__INSTRUCTIONS TO FOLLOW__. Only the pictures are to be left out; write out the rest of the data exactly.

Text-to-region grounding data:
==============================
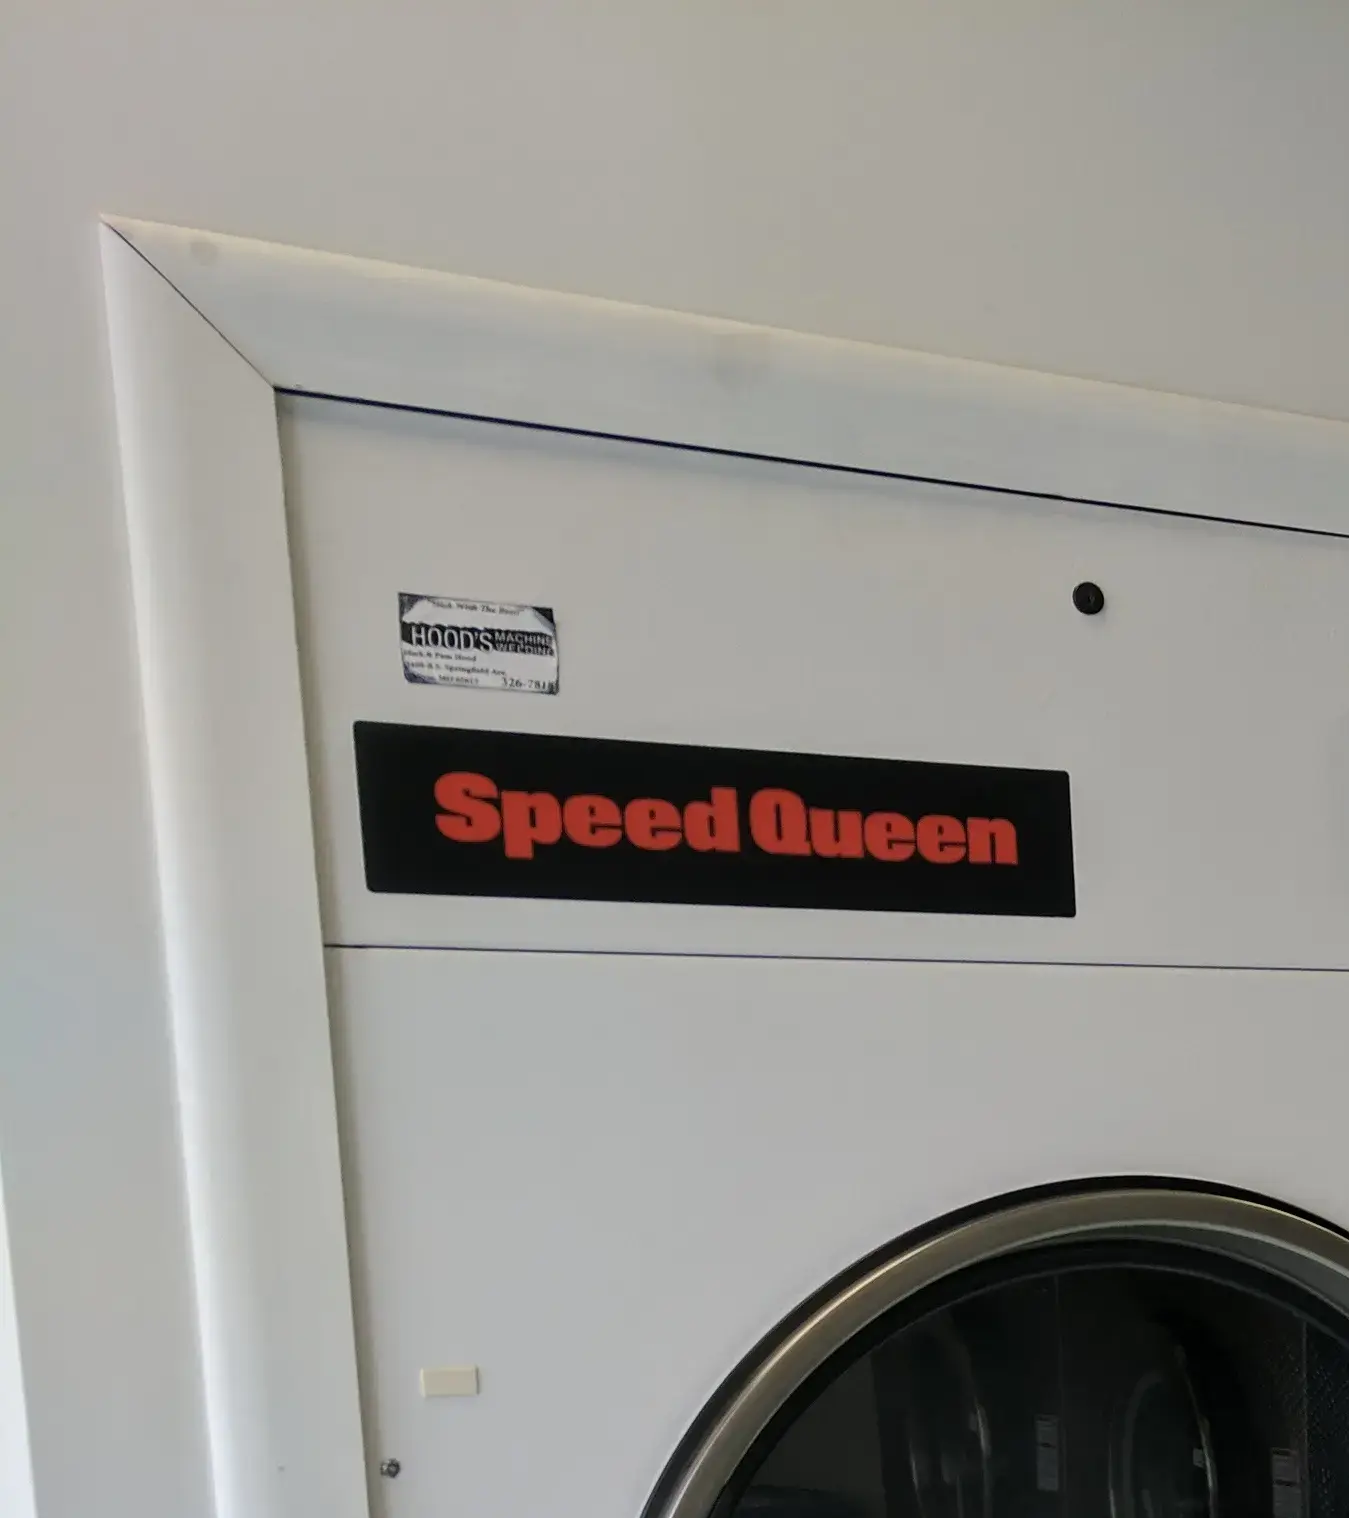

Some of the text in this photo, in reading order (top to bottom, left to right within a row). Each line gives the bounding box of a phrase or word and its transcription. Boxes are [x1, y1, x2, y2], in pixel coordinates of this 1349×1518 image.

[411, 625, 493, 652] HOOD'S
[434, 770, 1019, 866] Speed Queen
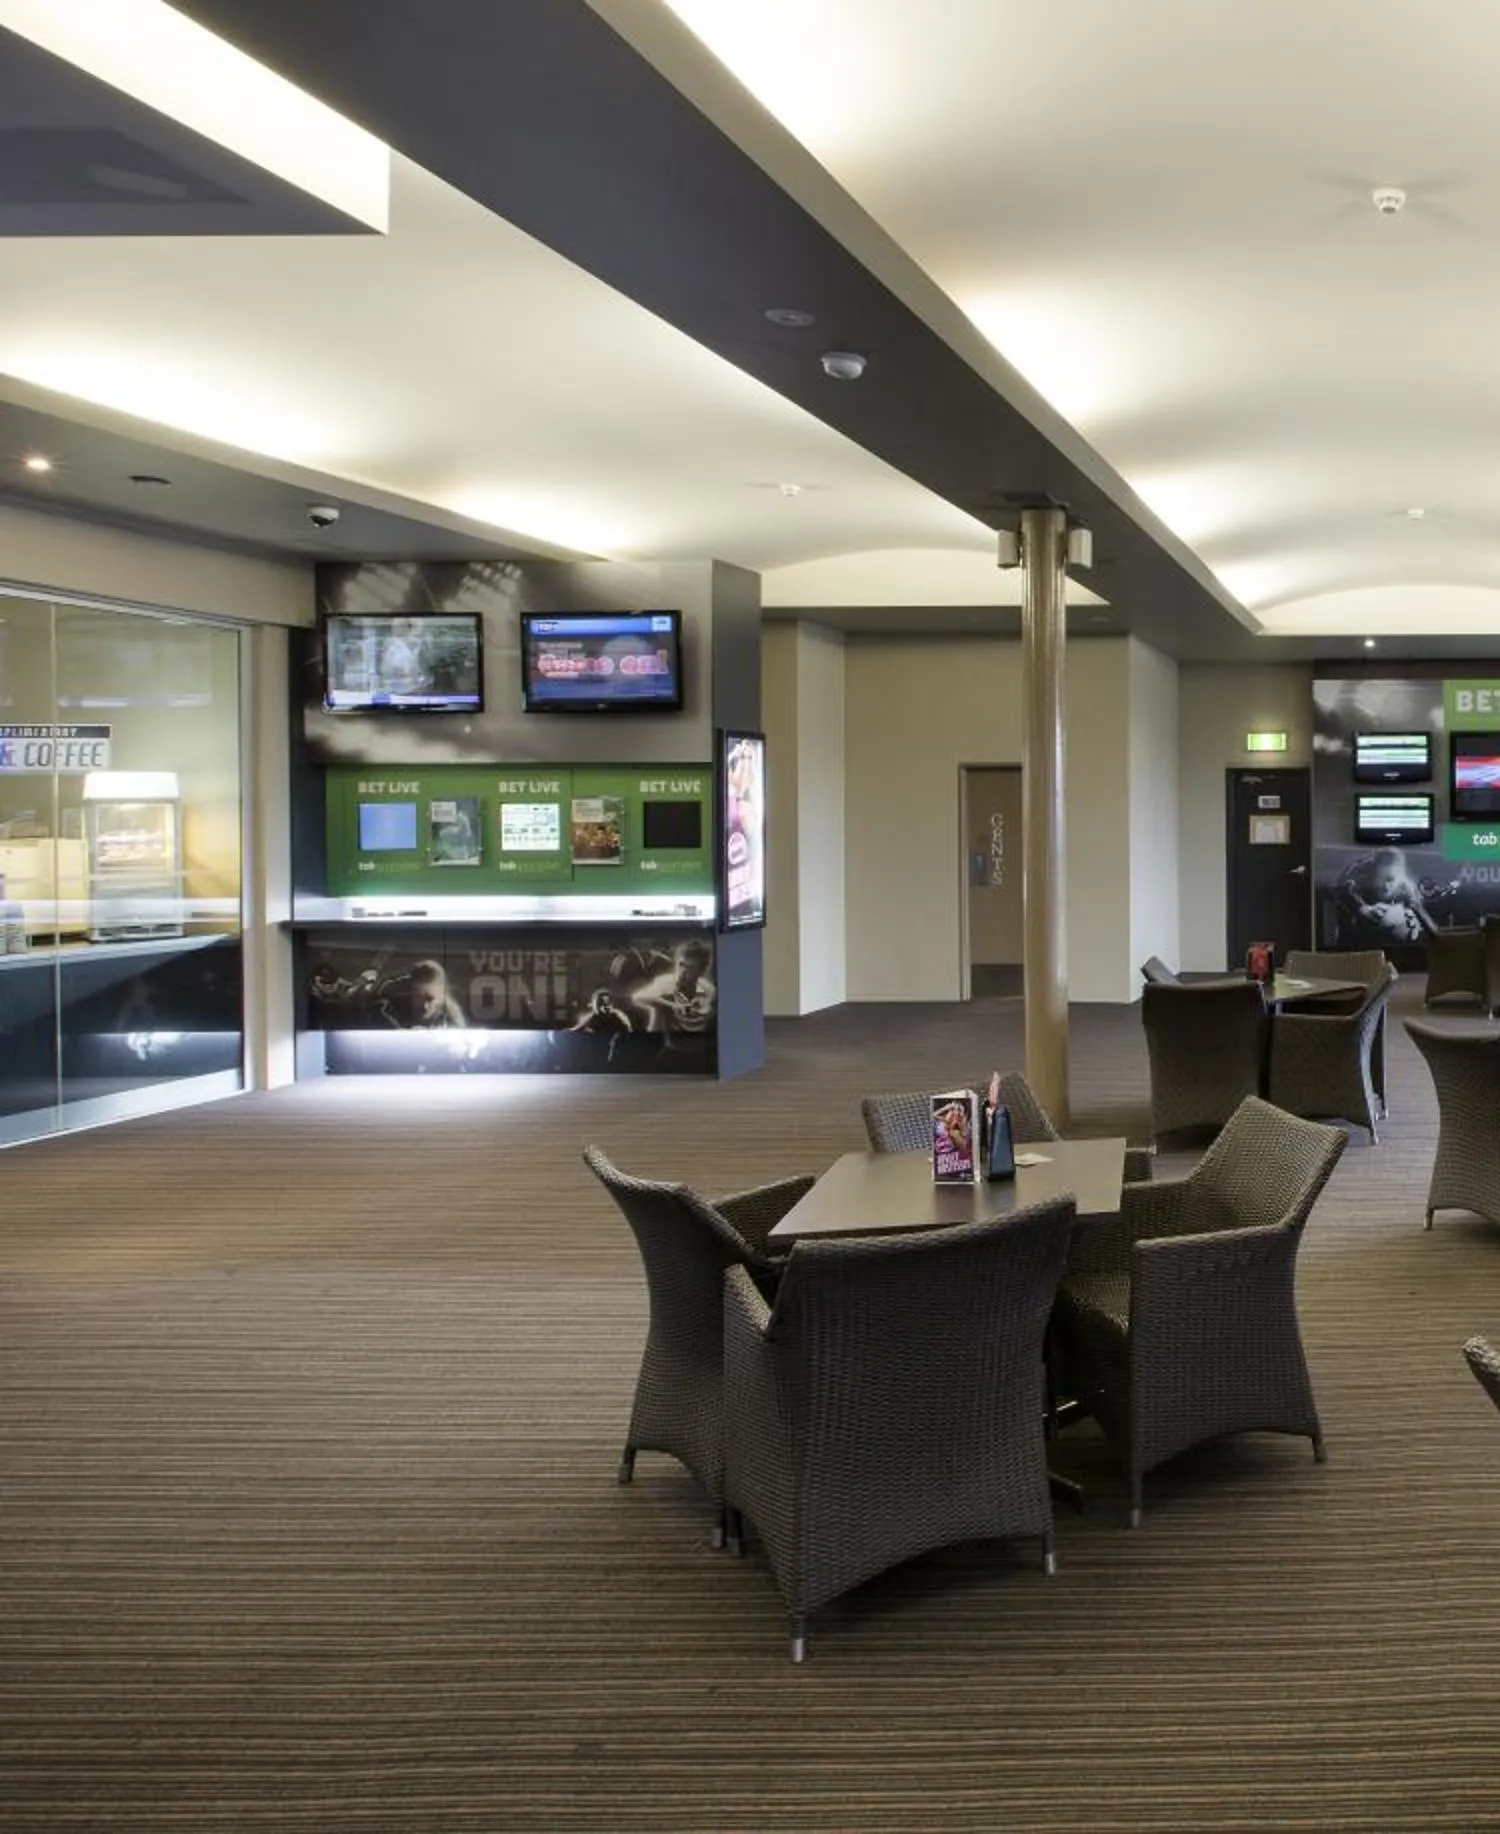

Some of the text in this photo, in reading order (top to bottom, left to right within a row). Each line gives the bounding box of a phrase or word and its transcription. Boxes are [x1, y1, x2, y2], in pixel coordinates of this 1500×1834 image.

[23, 742, 105, 767] COFFEE
[358, 781, 420, 793] BET LIVE
[500, 781, 560, 793] BET LIVE
[640, 780, 701, 793] BET LIVE
[469, 950, 568, 972] YOU'RE
[469, 974, 568, 1020] ON!
==============================
__RESULT OF THE TASK__.
Some of the text in this photo, in reading order (top to bottom, left to right within a row). Each line gives the bounding box of a phrase or word and its transcription. Boxes are [x1, y1, x2, y2], in pixel coordinates of this 1349×1518 image.

[411, 625, 493, 652] HOOD'S
[434, 770, 1019, 866] Speed Queen

Some of the text in this photo, in reading order (top to bottom, left to right within a row). Each line gives the bounding box of a phrase or word and its transcription. Boxes are [x1, y1, x2, y2], in pixel coordinates of this 1500×1834 image.

[23, 742, 105, 767] COFFEE
[358, 781, 420, 793] BET LIVE
[500, 781, 560, 793] BET LIVE
[640, 780, 701, 793] BET LIVE
[469, 950, 568, 972] YOU'RE
[469, 974, 568, 1020] ON!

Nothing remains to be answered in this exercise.